A few days ago I wrote that, compared to other animals we are born early, and do an unusual amount of developing after birth.
On reflection, it would have been more accurate to say, "unlike other mammals".
Animals in general have a lot of weird and wonderful ways of managing the early stages of development -- laying eggs, for instance, and either sitting on them until they hatch, like most birds, or trusting them to their own fates, like frogs do.
But even among mammals, I've realised, we're far from being the only unusual ones:
The platypus and echidna are mammals, but they lay eggs.
Marsupials are mammals, but they emerge from the womb in a very rudimentary shape, and migrate to their mothers' pouches, where they spend more time developing than they do in the womb.
Left: kangaroo at 5 weeks gestation, fastened on his mother's nipple soon after birth.

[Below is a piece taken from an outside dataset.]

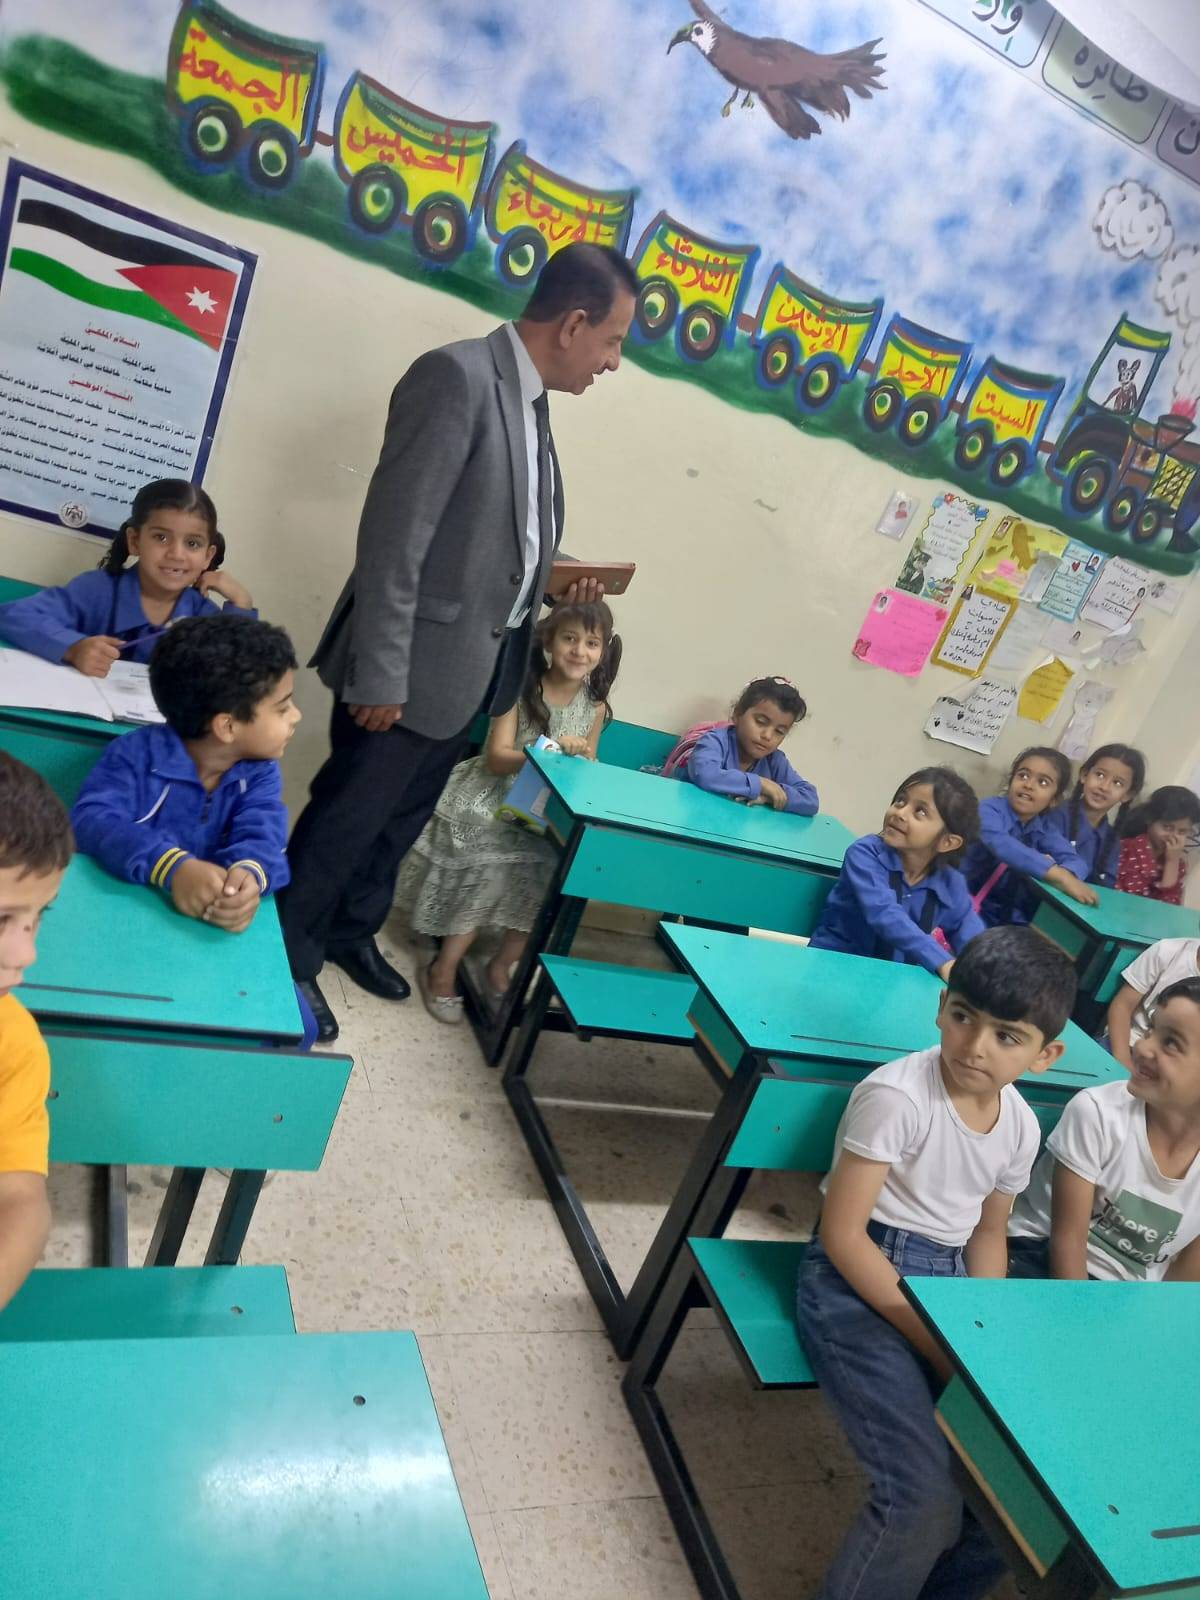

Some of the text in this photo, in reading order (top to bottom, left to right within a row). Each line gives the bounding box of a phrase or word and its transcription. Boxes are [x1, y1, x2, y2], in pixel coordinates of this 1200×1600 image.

[179, 27, 301, 120] الجمعة
[347, 126, 467, 185] الخميس
[656, 236, 736, 297] الثلاثاء
[976, 392, 1038, 435] السبت

Right: kangaroo surveying his kingdom at 5 months. |
A more appropriate comparison would have been between us and the rest of the placental mammals, including rats, bats, cats, and whales.

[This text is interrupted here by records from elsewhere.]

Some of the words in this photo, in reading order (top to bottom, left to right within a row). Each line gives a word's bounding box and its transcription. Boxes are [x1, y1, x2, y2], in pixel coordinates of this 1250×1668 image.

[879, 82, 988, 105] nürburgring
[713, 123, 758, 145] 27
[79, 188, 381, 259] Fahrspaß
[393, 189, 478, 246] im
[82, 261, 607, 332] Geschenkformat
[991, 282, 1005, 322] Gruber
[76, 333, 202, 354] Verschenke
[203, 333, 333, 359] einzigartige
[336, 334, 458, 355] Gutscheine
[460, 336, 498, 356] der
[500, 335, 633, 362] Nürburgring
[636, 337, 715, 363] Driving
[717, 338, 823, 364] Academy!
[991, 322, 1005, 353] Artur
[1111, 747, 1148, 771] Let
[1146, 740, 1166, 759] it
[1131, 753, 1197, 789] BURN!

Other placental mammals give birth to little ones who are livelier than we are in the days and weeks after birth, variously scurrying, flying, or swimming around while we're still lying on our backs, like Asa's doing.
So it's in respect to them that the "fourth trimester" idea makes most sense.
Wonderful life
These reflections may seem weird.
All the work Jed was doing on that dissertation went to his head, some of you may be thinking.
He has finally lost it completely, others of you may have concluded.
Here's the inspiration for these thoughts:
Thinking about the stages of development that Asa has been through over the past months -- thinking about Asa in general -- gives me a new sense of the wonder of life. Not just ours, but all the humming, buzzing diversity of life that animates this planet. And a new sense of my own kinship with it.
On another level, these thoughts distract me from the sadness of being away from Selam and Asa. Today, for instance, I found a sponge in the shape of a fish that Selam and Kuri had used to scrub Asa with when he was here. That gave me a pang of nostalgia.
But in a few weeks, I'll be with them again.
Then the blog may become a bit more concrete.
Or maybe Asa will continue to inspire me to write about how wonderful life is.